**About this exercise:**
Pictures do not belong in your copy. Repeat all the other data exactly.

(Source information begins)

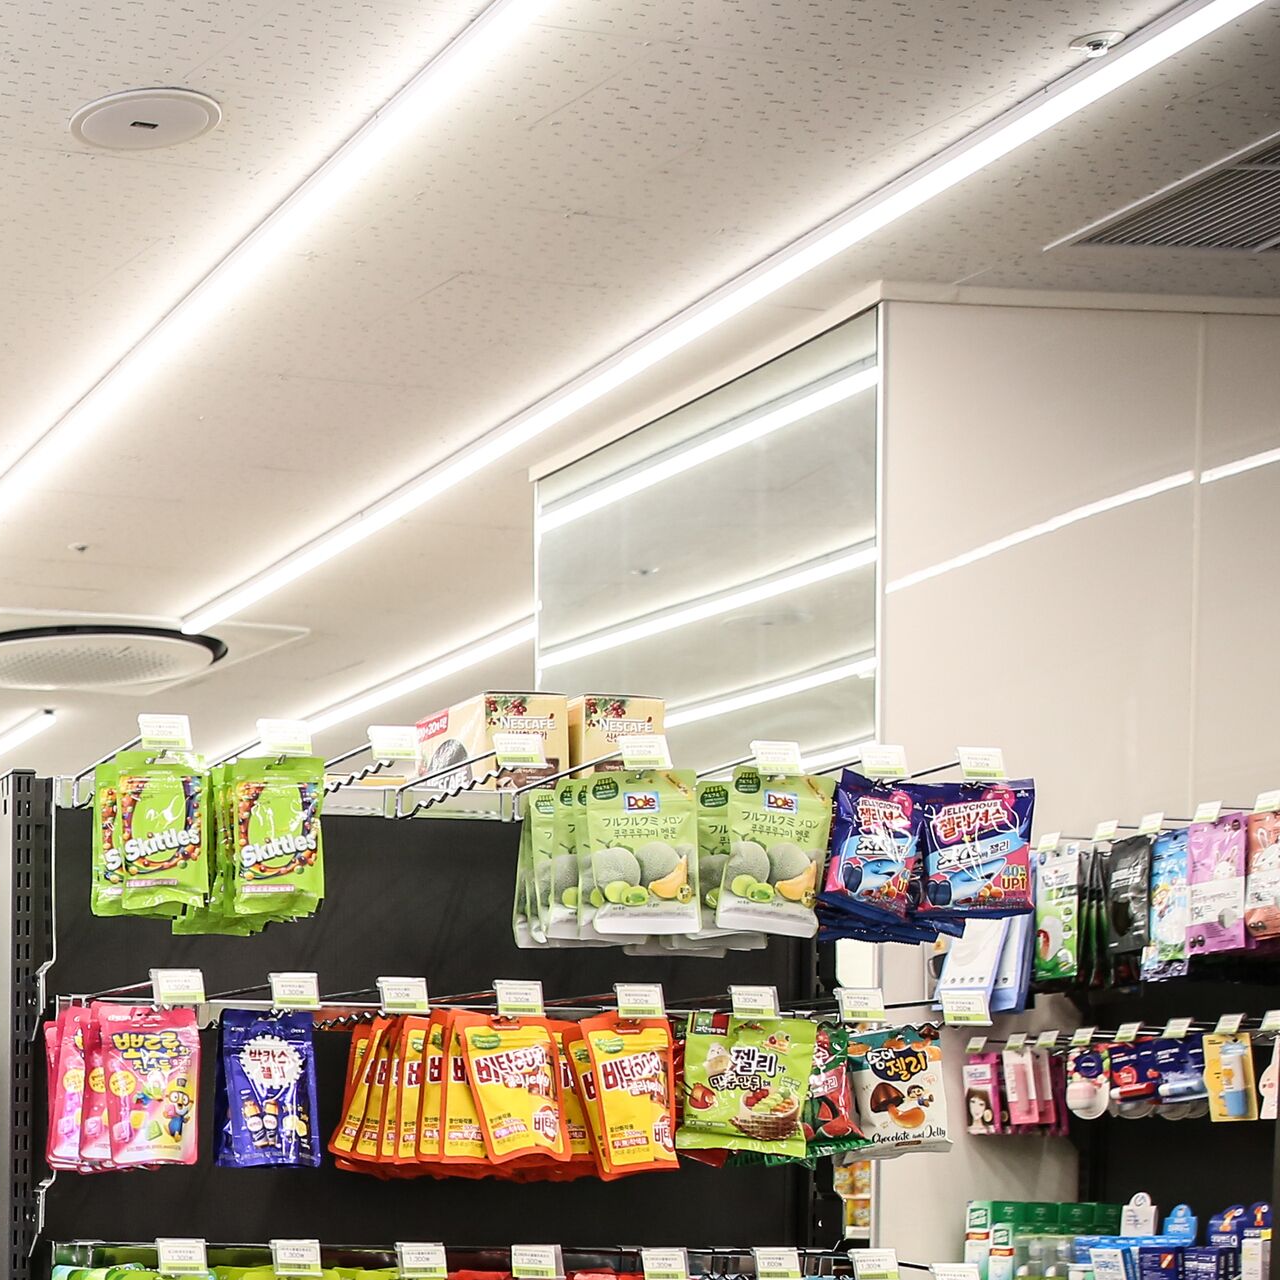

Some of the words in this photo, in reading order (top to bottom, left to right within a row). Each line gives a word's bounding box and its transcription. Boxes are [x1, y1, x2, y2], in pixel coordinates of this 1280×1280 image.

[626, 796, 657, 810] Dole
[767, 794, 795, 808] Dole
[943, 802, 999, 816] JELLYCIOUS
[124, 827, 200, 861] Skittles
[240, 833, 317, 867] Skittles
[249, 1048, 290, 1065] 박카스
[475, 1046, 545, 1083] 비타500
[886, 1053, 926, 1081] 젤리
[601, 1051, 661, 1089] 비타500
[872, 1132, 910, 1144] Chocolate
[924, 1125, 946, 1139] Jelly

(Source information ends)

**Finished task:**
Some of the words in this photo, in reading order (top to bottom, left to right within a row). Each line gives a word's bounding box and its transcription. Boxes are [x1, y1, x2, y2], in pixel coordinates of this 1280×1280 image.

[626, 796, 657, 810] Dole
[767, 794, 795, 808] Dole
[943, 802, 999, 816] JELLYCIOUS
[124, 827, 200, 861] Skittles
[240, 833, 317, 867] Skittles
[249, 1048, 290, 1065] 박카스
[475, 1046, 545, 1083] 비타500
[886, 1053, 926, 1081] 젤리
[601, 1051, 661, 1089] 비타500
[872, 1132, 910, 1144] Chocolate
[924, 1125, 946, 1139] Jelly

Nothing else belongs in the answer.